> _Exercise_: Give all of the data below again exactly, and drop the images.

> _Exercise material_:
----------------------------------------
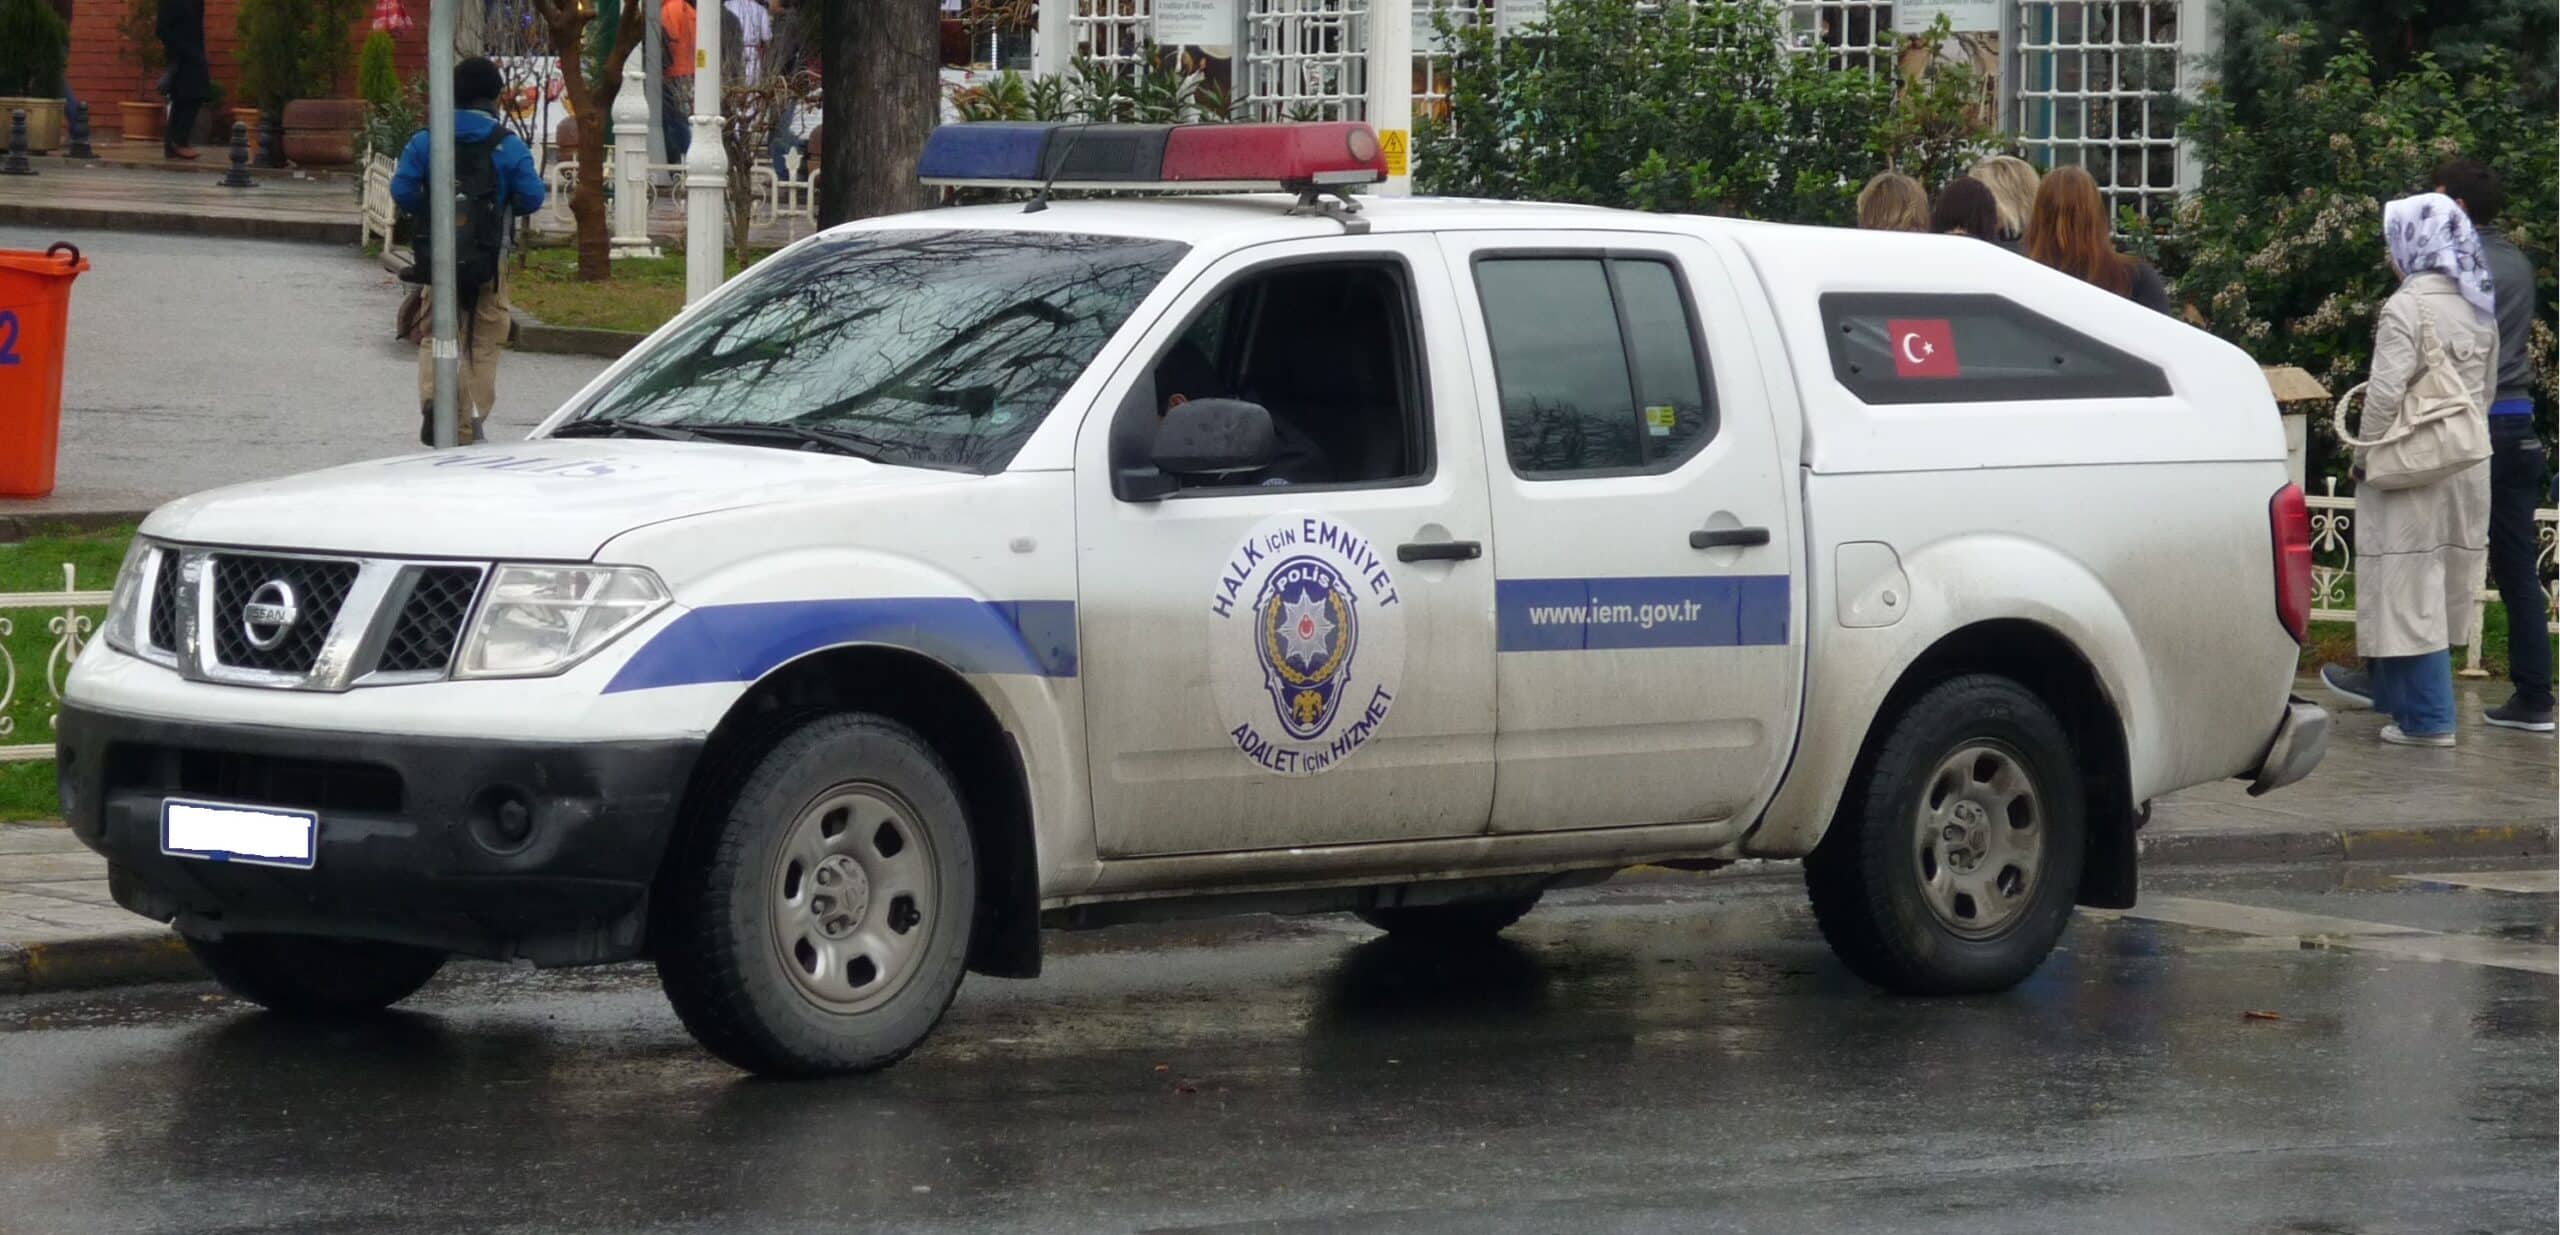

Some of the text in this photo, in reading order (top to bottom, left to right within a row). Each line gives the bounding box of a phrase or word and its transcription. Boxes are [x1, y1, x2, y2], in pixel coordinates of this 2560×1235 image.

[1213, 538, 1264, 619] HALK
[1303, 519, 1399, 608] EMNİYET
[1277, 566, 1329, 592] POLİS
[1529, 597, 1701, 628] www.iem.gov.tr
[1231, 723, 1299, 773] ADALET
[1330, 684, 1393, 761] HİZMET
----------------------------------------
> _Response to this task_:
Some of the text in this photo, in reading order (top to bottom, left to right within a row). Each line gives the bounding box of a phrase or word and its transcription. Boxes are [x1, y1, x2, y2], in pixel coordinates of this 2560×1235 image.

[1213, 538, 1264, 619] HALK
[1303, 519, 1399, 608] EMNİYET
[1277, 566, 1329, 592] POLİS
[1529, 597, 1701, 628] www.iem.gov.tr
[1231, 723, 1299, 773] ADALET
[1330, 684, 1393, 761] HİZMET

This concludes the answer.